- _WHAT THIS TASK INVOLVES_
Reproduce the entire listing below exactly.

SUPPLIED ENTRIES START

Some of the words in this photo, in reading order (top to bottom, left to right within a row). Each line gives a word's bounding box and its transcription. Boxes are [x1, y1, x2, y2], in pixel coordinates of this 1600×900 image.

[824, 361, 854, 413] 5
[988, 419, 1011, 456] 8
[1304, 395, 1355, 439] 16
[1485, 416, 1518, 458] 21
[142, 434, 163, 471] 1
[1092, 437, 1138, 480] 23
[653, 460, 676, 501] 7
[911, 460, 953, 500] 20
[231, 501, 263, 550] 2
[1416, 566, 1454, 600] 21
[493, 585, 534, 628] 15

SUPPLIED ENTRIES END

- _WRITTEN RESPONSE_
Some of the words in this photo, in reading order (top to bottom, left to right within a row). Each line gives a word's bounding box and its transcription. Boxes are [x1, y1, x2, y2], in pixel coordinates of this 1600×900 image.

[824, 361, 854, 413] 5
[988, 419, 1011, 456] 8
[1304, 395, 1355, 439] 16
[1485, 416, 1518, 458] 21
[142, 434, 163, 471] 1
[1092, 437, 1138, 480] 23
[653, 460, 676, 501] 7
[911, 460, 953, 500] 20
[231, 501, 263, 550] 2
[1416, 566, 1454, 600] 21
[493, 585, 534, 628] 15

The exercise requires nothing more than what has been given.